Think tank ou do tank : quelle différence ?
Les deux termes désignent des organisations qui produisent du savoir stratégique. Ce qui les distingue n'est pas la qualité de l'analyse, mais ce qu'elles en font.
Ce qu'est un think tank
Un think tank — littéralement « réservoir de pensée » — est une structure de recherche qui étudie des questions publiques : géopolitique, défense, économie, environnement, sécurité intérieure. Son travail se matérialise par des publications : notes d'analyse, rapports, tribunes, séminaires.
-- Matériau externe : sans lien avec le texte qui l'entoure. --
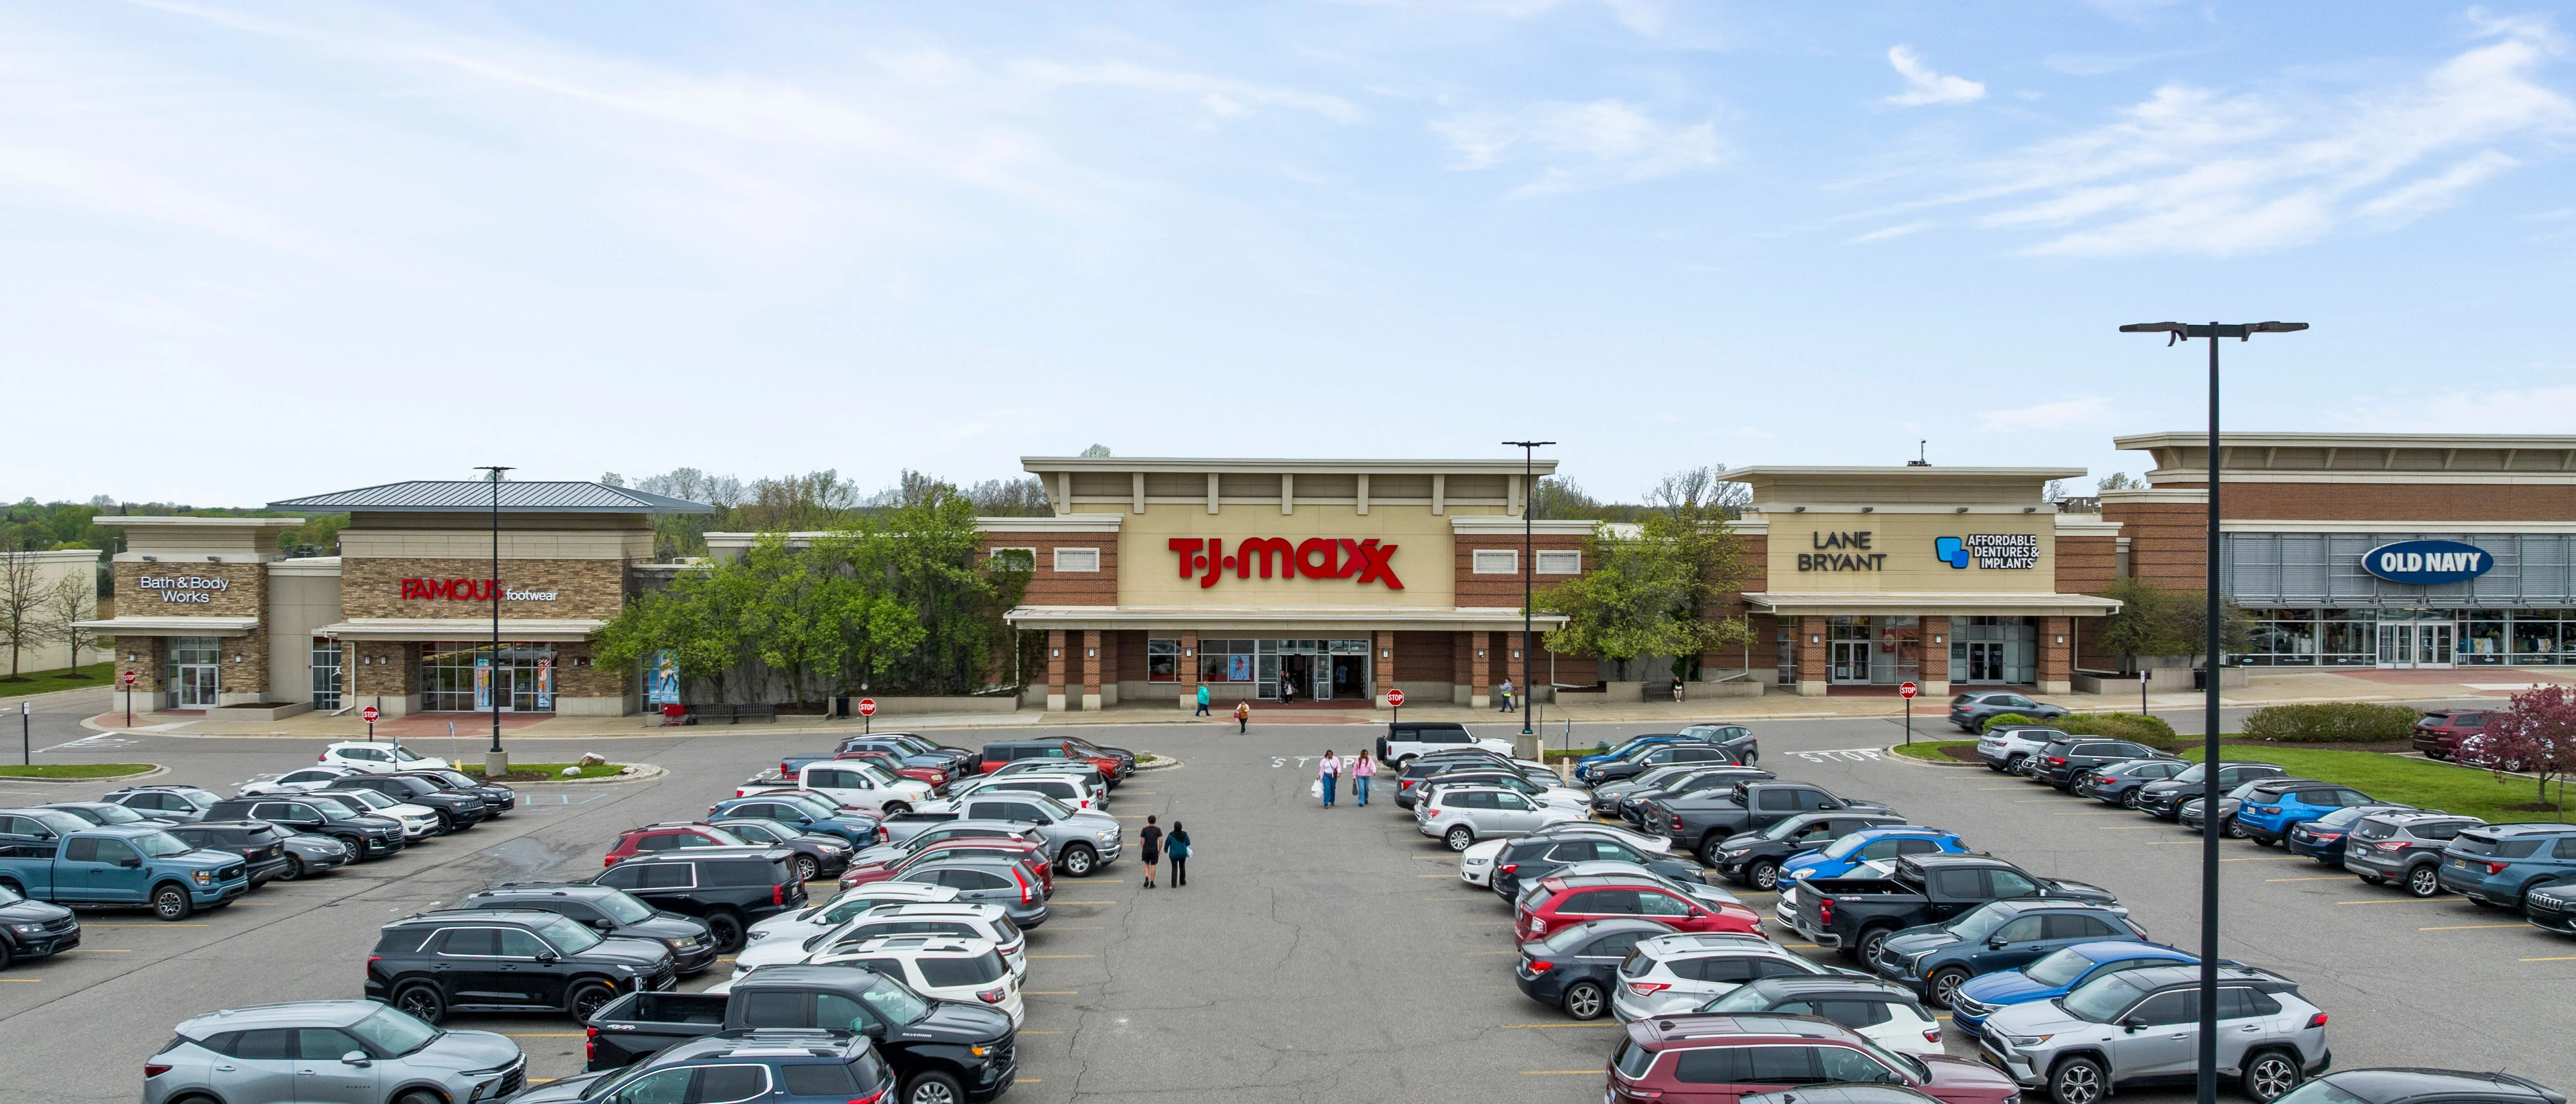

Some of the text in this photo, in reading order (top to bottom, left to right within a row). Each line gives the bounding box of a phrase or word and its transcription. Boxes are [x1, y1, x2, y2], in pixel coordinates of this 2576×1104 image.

[1814, 531, 1871, 549] LANE
[1968, 535, 2036, 546] AFFORDABLE
[1975, 546, 2040, 557] DENTURES &
[1798, 553, 1887, 571] BRYANT
[1981, 558, 2034, 568] IMPLANTS
[2381, 553, 2481, 572] OLD NAVY
[141, 576, 229, 592] Bath & Body
[401, 578, 558, 601] FAMOUS footwear
[161, 590, 210, 603] Works
[1271, 758, 1355, 768] STP
[1798, 751, 1881, 763] STOP
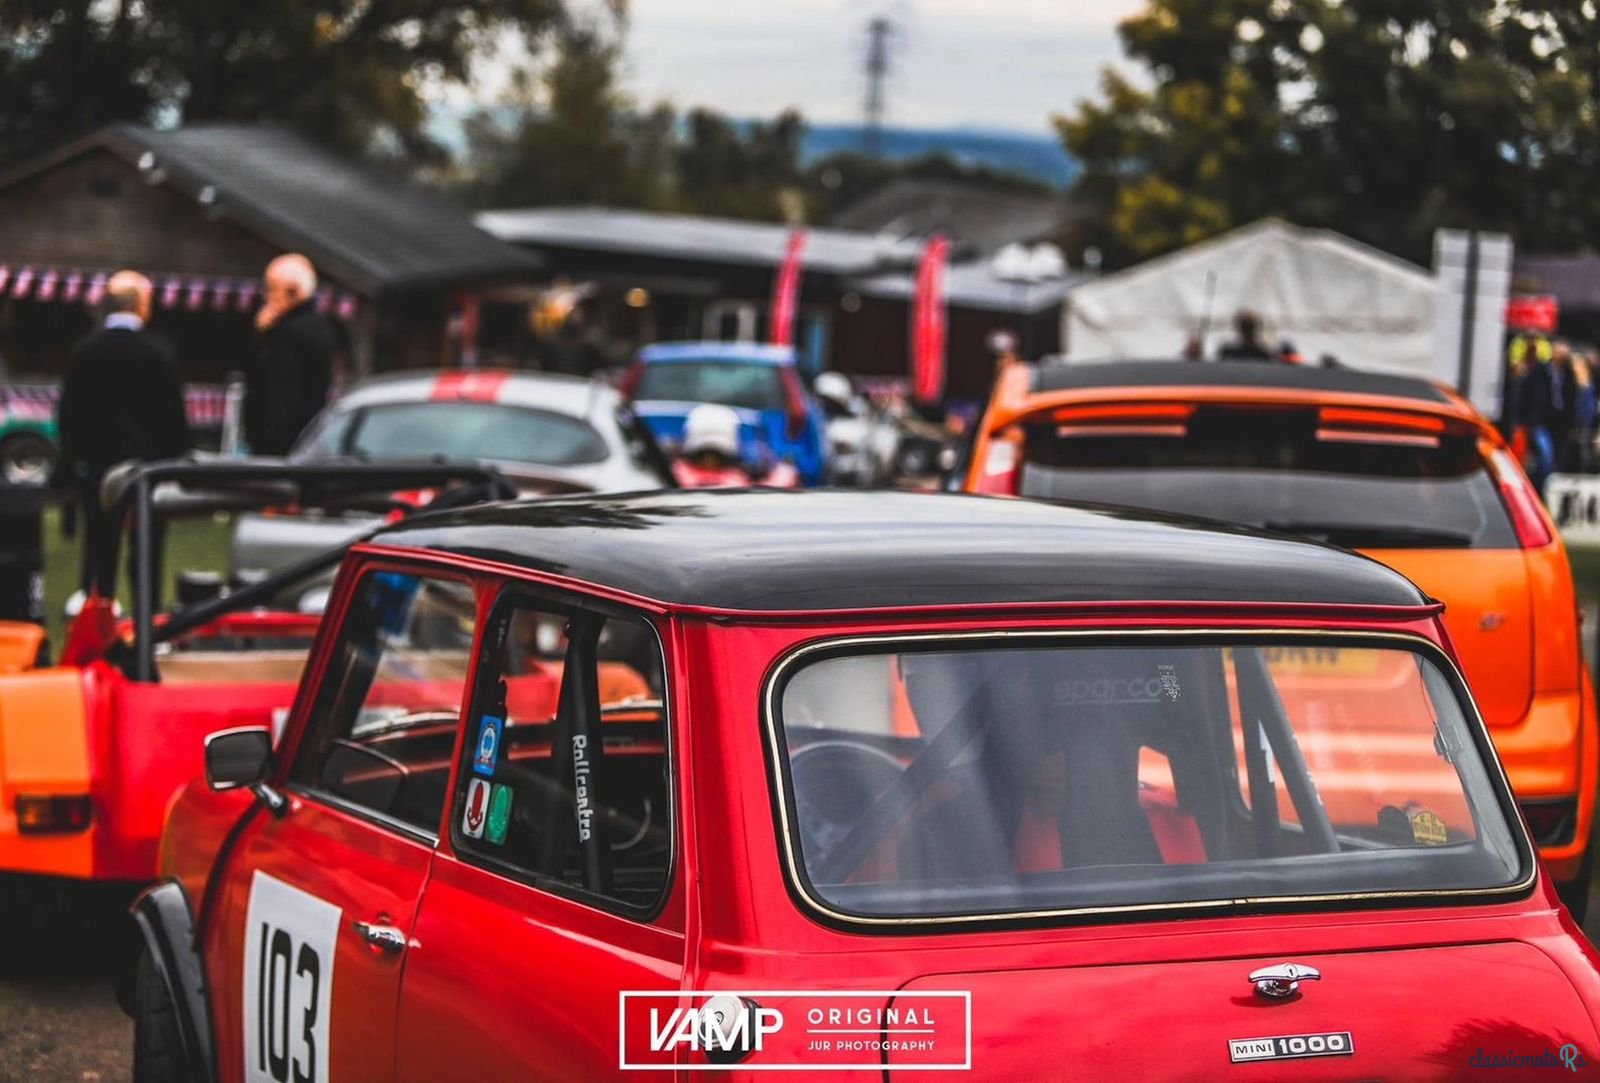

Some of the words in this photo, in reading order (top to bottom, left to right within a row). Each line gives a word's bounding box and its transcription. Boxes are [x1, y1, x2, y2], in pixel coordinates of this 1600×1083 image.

[1054, 678, 1162, 701] sparco
[258, 921, 321, 1083] 103
[1235, 1043, 1273, 1055] MINI
[1278, 1034, 1345, 1055] 1000
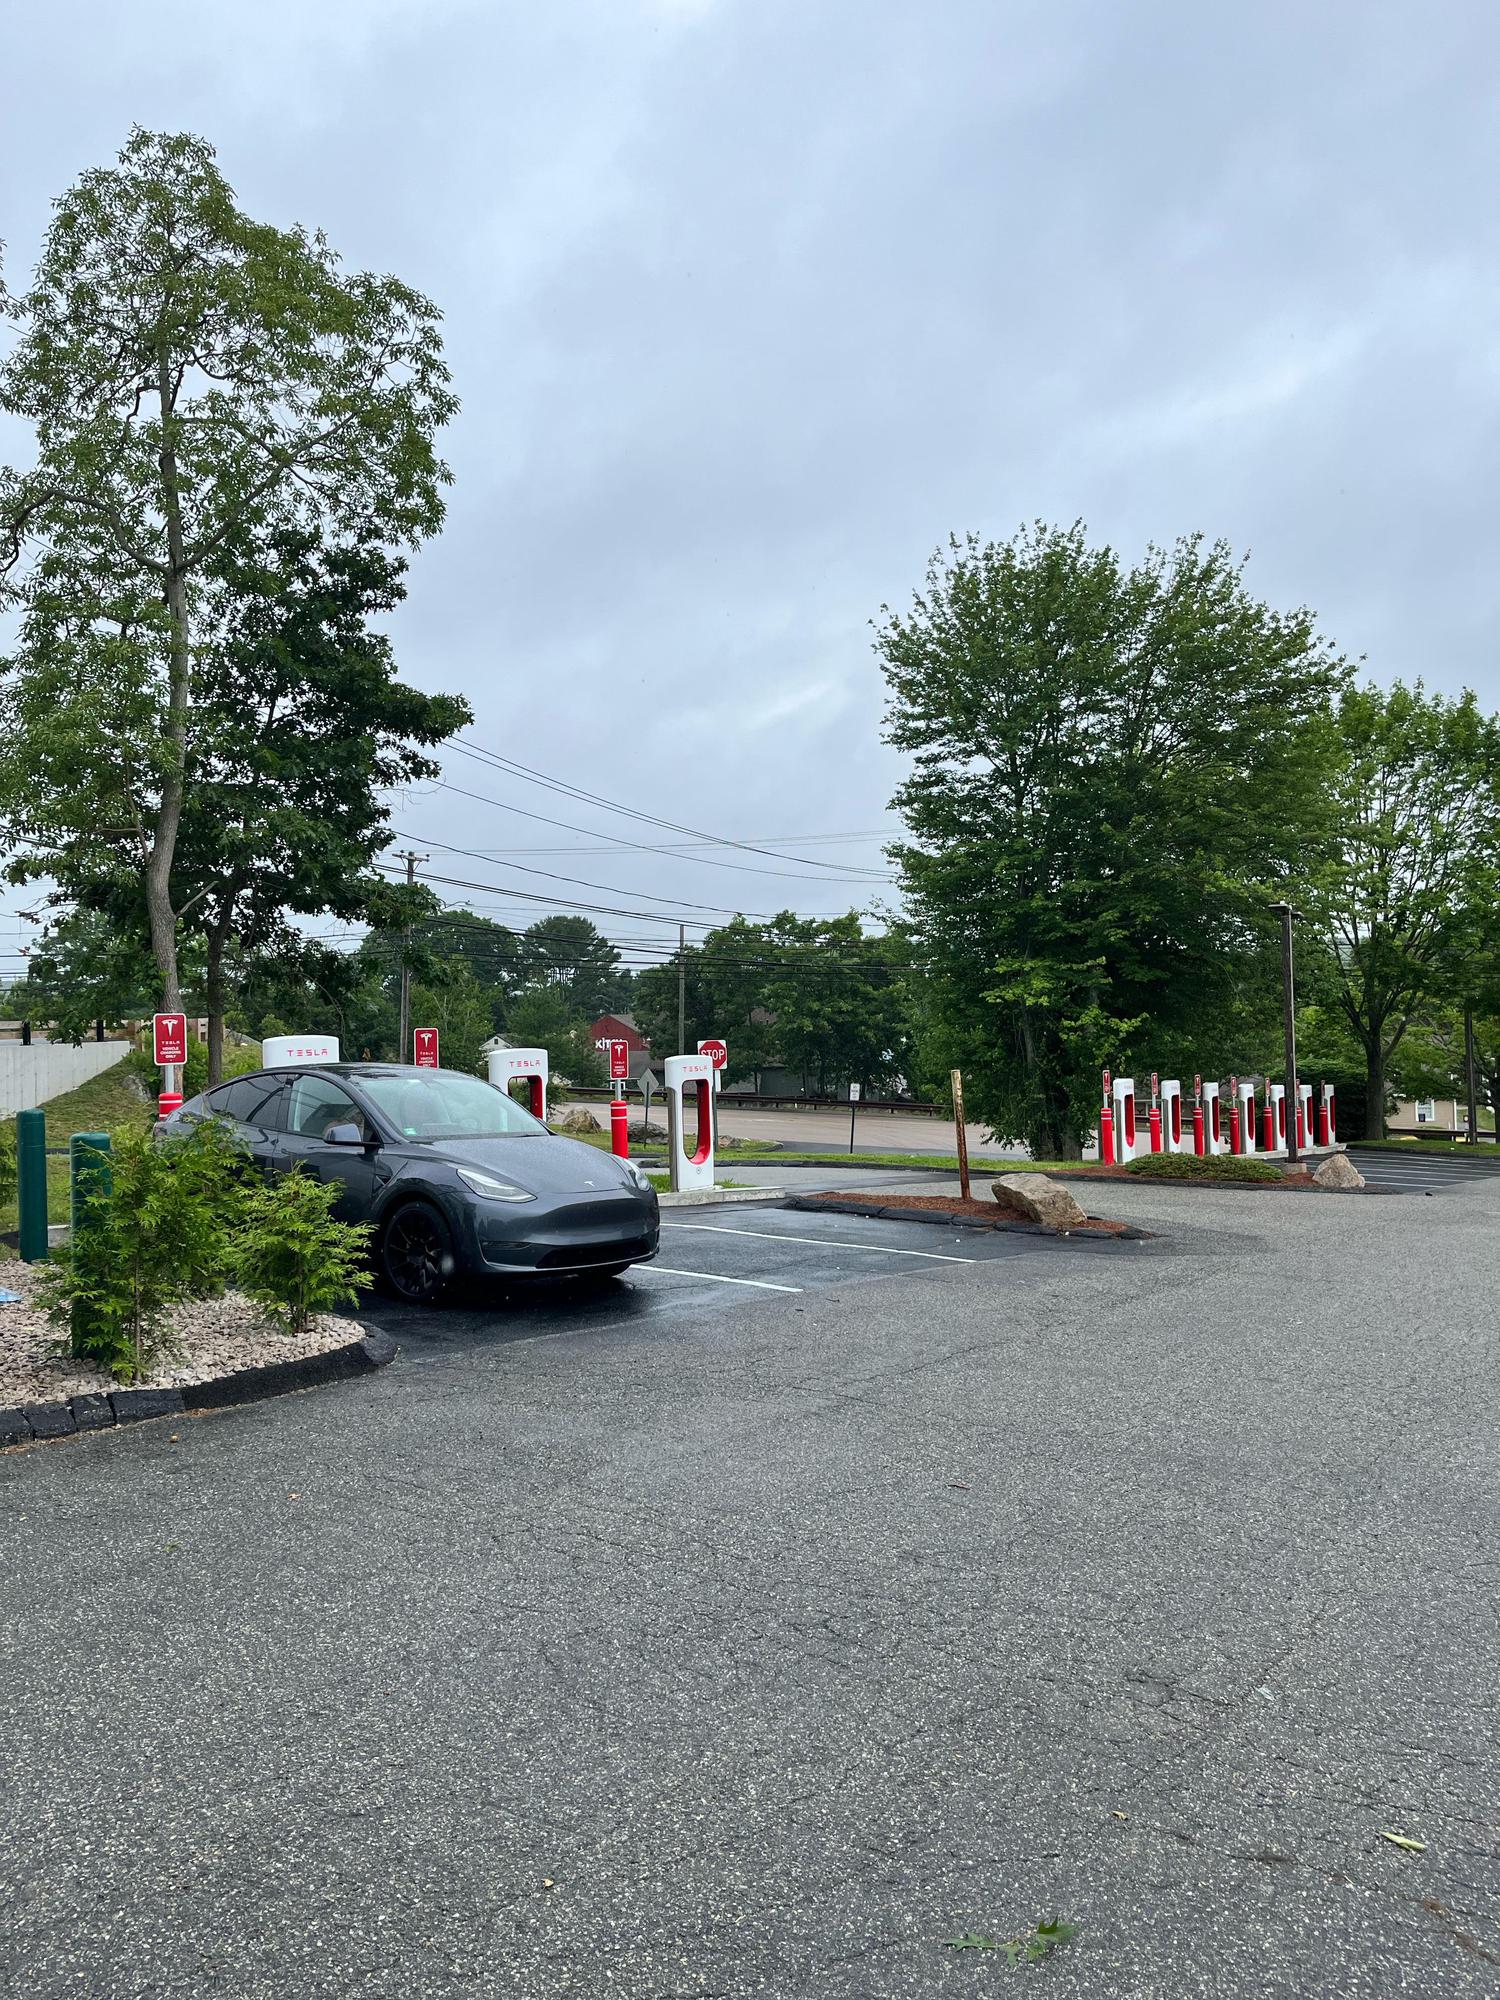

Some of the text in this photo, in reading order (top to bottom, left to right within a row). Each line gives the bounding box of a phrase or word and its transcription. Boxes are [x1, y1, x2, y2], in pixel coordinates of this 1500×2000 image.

Sa valeur se mesure à la qualité de son raisonnement et à sa capacité à nourrir le débat public et la réflexion des décideurs.
Ce qu'est un do tank
Un do tank prolonge cette démarche d'un cran : l'analyse n'est pas la fin du travail, elle en est le point de départ. Le do tank conçoit des dispositifs — veille structurée, grilles de lecture, méthodes d'anticipation, accompagnement de décision — et les met en œuvre avec les organisations concernées. La question n'est plus seulement « que se passe-t-il ? », mais « qu'est-ce que cela change pour vous, et que faites-vous maintenant ? ».
Analyse et action : le tableau
| Axe | Think tank | Do tank |
|---|---|---|
| Finalité | Produire de l'analyse et alimenter le débat public. | Produire de l'analyse et l'engager dans une décision ou une action. |
| Livrable | Notes, rapports, tribunes, colloques. | Diagnostics, dispositifs de veille, outils d'aide à la décision, accompagnement. |
| Temporalité | Temps long de la recherche. | Temps de la décision : veille continue et restitution rapide. |
| Mesure du résultat | Diffusion, citations, influence intellectuelle. | Décisions éclairées, risques anticipés, dispositifs mis en œuvre. |
| Relation au commanditaire | Publication ouverte, indépendante d'une commande. | Travail conjoint avec l'organisation concernée, dans la durée. |
Pourquoi l'Institut se revendique do tank
Notre méthode repose sur les signaux faibles : ces indices dispersés, marginaux ou ambigus qui précèdent les ruptures et que l'on ne relit correctement qu'après coup. Un signal faible n'a de valeur que s'il est capté tôt, mis en système et transmis à quelqu'un capable d'en tirer une décision. C'est précisément ce qu'un travail purement publiant ne garantit pas. Nous privilégions donc des livrables engageants : veille géopolitique continue, cartographies d'acteurs, notes de position opérationnelles et accompagnement dans la durée.
Cette exigence est aussi un héritage. Roberta Wohlstetter a montré que l'échec d'anticipation tient rarement au manque d'information, mais à l'incapacité de distinguer le signal du bruit et de le porter jusqu'au décideur. Un do tank est une réponse organisationnelle à ce constat.
Comprendre est nécessaire. Décider à temps est décisif.